Black women nationwide are still getting paid less than their white male counterparts, but in Mississippi, the disparities are even starker, says Mississippi Black Women’s Roundtable Executive Director Cassandra Welchlin.
Black Women’s Equal Pay Day highlights the disparities between how much more time it takes Black women to earn as much as their white male counterparts on average in the U.S. Welchlin said it would take a Black woman an extra seven months into a new year—or until about July—to make what a white man made in the previous year.
“Black Woman’s Equal Pay Day is how much a Black woman has to work into the new year to make what a white, non-Hispanic man made at the end of last year. So now we’re talking about seven months into the new year,” Welchlin told the Mississippi Free Press on July 9. “It doesn’t matter what a woman’s education level is, or even really what her career is. She is still making less on the dollar than her male counterpart.”
Median annual earnings for all Black women in Mississippi show that they make half as much money as what all white men make in a year, with Black women on average taking home $24,929 and white men on average making $48,641, the Institute for Women’s Policy Research 2024 data shows.
Black Mississippi women make 53 cents for every dollar a white man makes, the institute reports. That study did not include the pay gap for white women in Mississippi, but nationally, white women make 83 cents for every dollar white men make, the Pew Research Center reported in 2023.
After a 40-year career, a Black woman on average will have made $1 million less than her average white male counterpart, Welchin said.
The Black women’s pay gap is perpetuated by employers setting employees’ salaries based on their job history and banning employees from discussing their salaries with each other, she said.
About 50% of Mississippi women work, Welchlin noted, but two-thirds of minimum wage workers are women. Eight out of 10 women are the breadwinners for their families, she said, adding that women “fuel the local economy” by using their paychecks to buy groceries, gas, gifts and home items.
“Equal pay isn’t just a woman’s issue; It’s a family issue and an economics issue,” she continued.

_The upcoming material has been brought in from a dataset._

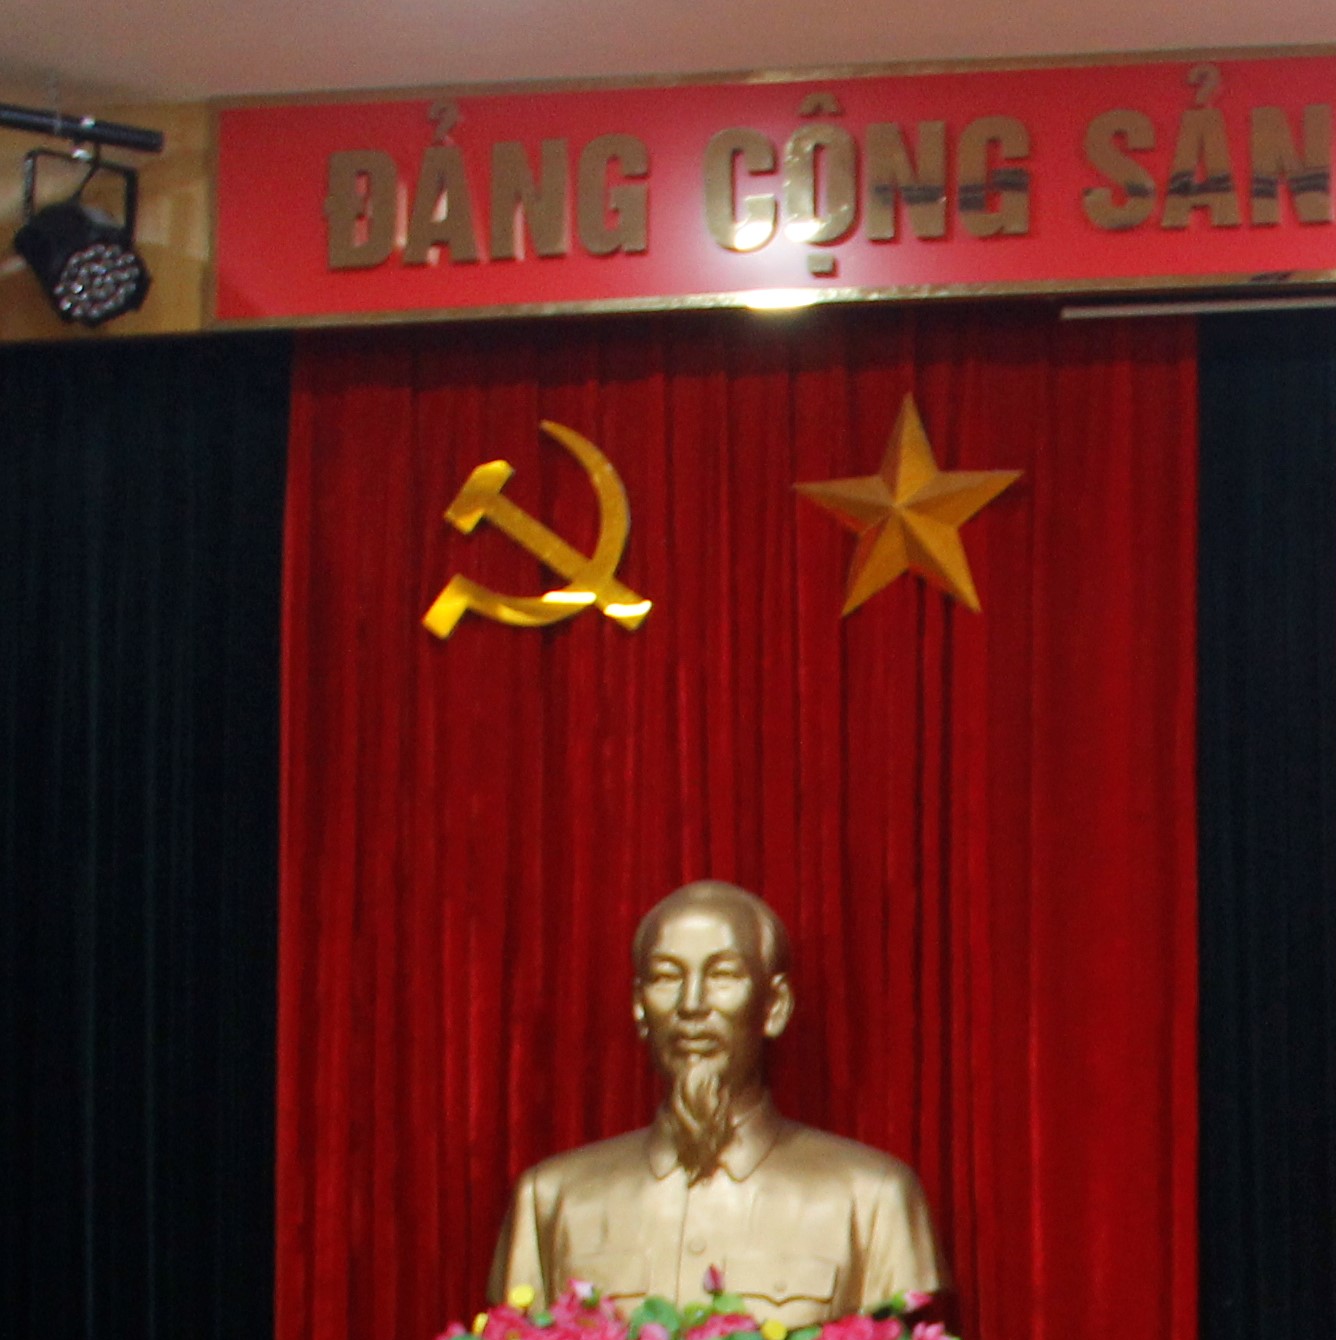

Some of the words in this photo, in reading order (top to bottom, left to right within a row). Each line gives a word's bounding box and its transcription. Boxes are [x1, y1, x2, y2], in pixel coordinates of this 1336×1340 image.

[324, 101, 652, 270] ĐẢNG
[702, 93, 1032, 276] CỘNG
[1082, 65, 1336, 232] SẢN
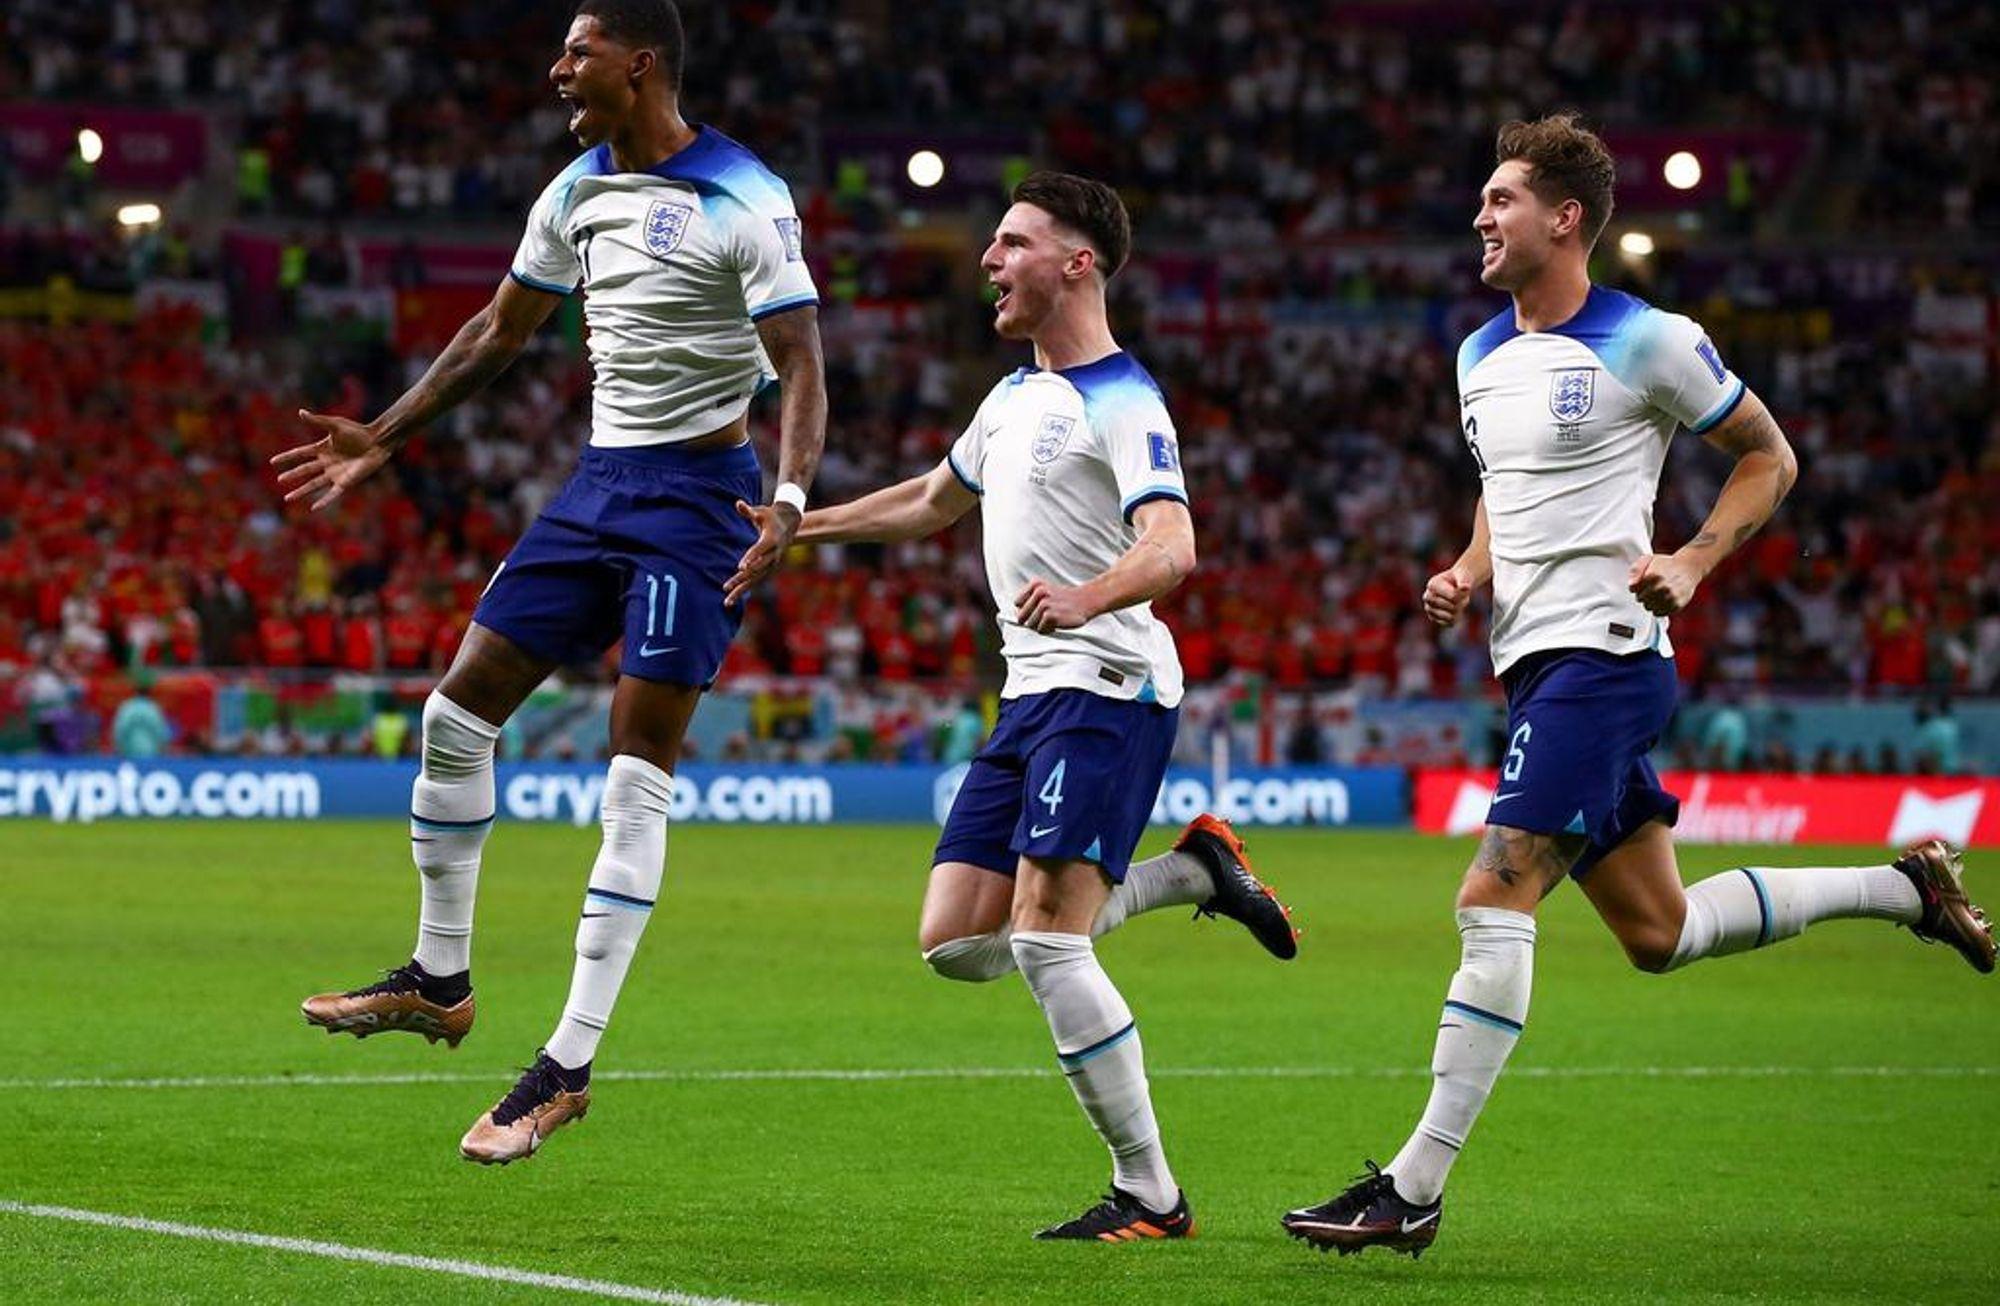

The Mississippi Equal Pay Act, which became law in 2022, says that employers cannot pay an employee less than the amount they would pay an employee of the opposite sex working the same job that requires equal performance, “skill, education, effort and responsibility.”
However, employers can still choose employees’ pay based on seniority, meritocratic assessments, quantity or quality of production, or “any other factor other than sex,” the law says. These factors include salary history, continuity of employment, “the extent to which there was competition with other employers for the employee’s services as compared to employees of the opposite sex in the same establishment; and the extent to which the employee attempted to negotiate for higher wages as compared to employees of the opposite sex in the same establishment,” the law says.
Welchlin, who argued at the time that the legislation would not achieve equal pay for women, noted that it did not include race as a provision, meaning employers could choose workers’ pay based on race.

National women’s equal pay activist Lilly Ledbetter, the namesake of the federal Lilly Ledbetter Fair Pay Act who died in 2024, argued in a 2022 op-ed published in the Mississippi Free Press that the Mississippi equal pay legislation was an “alarming deception.”
“Both bills leave Black women out by failing to address racial wage and gender wage gaps, although Black women and other women of color face the largest wage gaps in the state,” she wrote at the time.
Welchlin told the Mississippi Free Press that state lawmakers need to pass a law that empowers equal pay by allowing employees to discuss their salaries, banning employers from demanding salary history and removing continuity of employment policies.
“All those things contribute to the wage gap, and that can be very problematic,” she said.

In an op-ed that Welchlin published in Madame Noire today, she cited President Donald Trump’s new law that cuts the social safety net as even more reason to ensure equal pay for Black women.
“Bottom line, the check is long overdue,” she wrote, “and now—particularly on the heels of vast Medicaid cuts and SNAP reductions among other lifeshifting setbacks—Black women must demand it.”